Выбрать главу

— Ты никак замерзла? — поинтересовалась старшая.

— Что-то свежо стало, у меня даже мурашки по спине побежали, — ответила мама, стараясь говорить своим обычным голосом.

— Давай встану, согрею тебе чайку на плитке, аспиринчик примешь.

— Да спасибо, не нужно, пройдет и так.

Мама долго возилась с пуговицами на безрукавке, перекладывала свисток из нагрудного кармана форменной блузы в карман безрукавки, пытаясь унять дрожь в руках. Тянула время, хотя никогда в жизни ей ничего так не хотелось, как поскорее оказаться за дверью барака. Просто взять и выйти мама была не в состоянии. Ложь, которую она себе позволила, парализовала. Преодолевая сопротивление мышц, не желавших подчиняться ее воле, она заставила себя пройти те четыре шага, которые отделяли ее от двери, бросила на прощание «Спокойной ночи, девочки», открыла и потом захлопнула за собой дверь. (Мама рассказывает, что чувствовала себя так, как когда-то покидая морг, где она участвовала в опознании останков солдата из их роты, разорванного на куски немецкой бомбой, но, пожалуй, это неподходящее сравнение.) Спустилась на негнущихся ногах, точно на ходулях, по ступенькам, а потом, пройдя несколько шагов в направлении плаца, остановилась, довольно громко воскликнув: «О господи!» — и тут же невольно оглянулась, будто не она, а кто-то другой произнес эти слова.

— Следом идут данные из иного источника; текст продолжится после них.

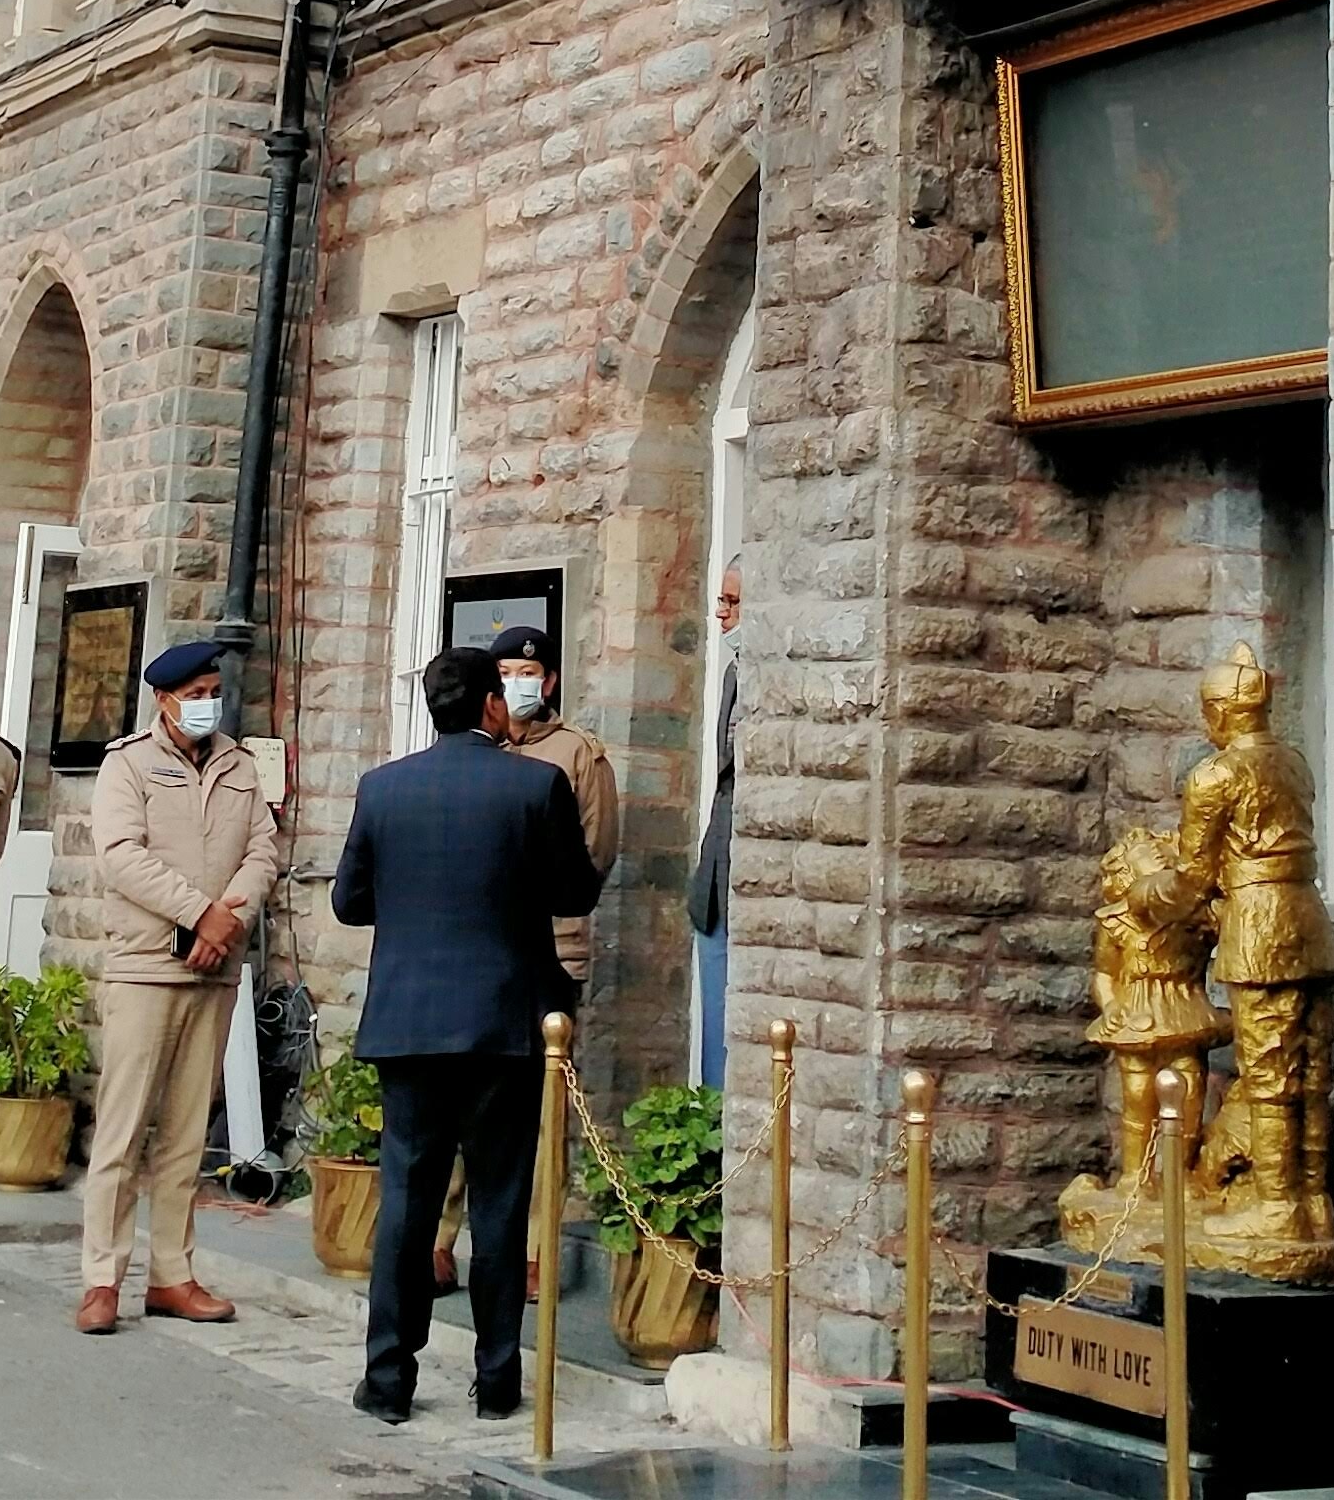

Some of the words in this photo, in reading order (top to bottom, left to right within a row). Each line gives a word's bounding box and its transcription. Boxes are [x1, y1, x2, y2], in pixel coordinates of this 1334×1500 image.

Месяц на небе стоял уже высоко и светил так ярко, что видно было как днем, только теперь этот ясный ночной мир походил на негатив дневного. Словно на проявленной фотопленке, все выглядело наоборот: обведенные серебристыми линиями контуры бараков четко выделялись на фоне черного неба, то, что должно быть светлым, стало темным, а на месте теней сейчас были полосы света. Казарменный плац казался почему-то больше, теснившиеся вокруг него бараки как бы расступились. Пространство словно раздвинулось, а земля раздалась вширь. Мама моя сделала еще несколько шагов и подумала, что допущенная ею ложь, не перестав быть ложью, никому, если разобраться, вреда не принесла. Ни маме, ни Зосе, потому что Зося сможет еще целых два дня жить в неведении о том, что произошло. А потом? Потом… но ведь все мы так или иначе когда-нибудь помрем, это только вопрос времени и ничего больше. Эта печальная (а по сути своей банальная) мысль показалась вдруг маме великим и спасительным откровением.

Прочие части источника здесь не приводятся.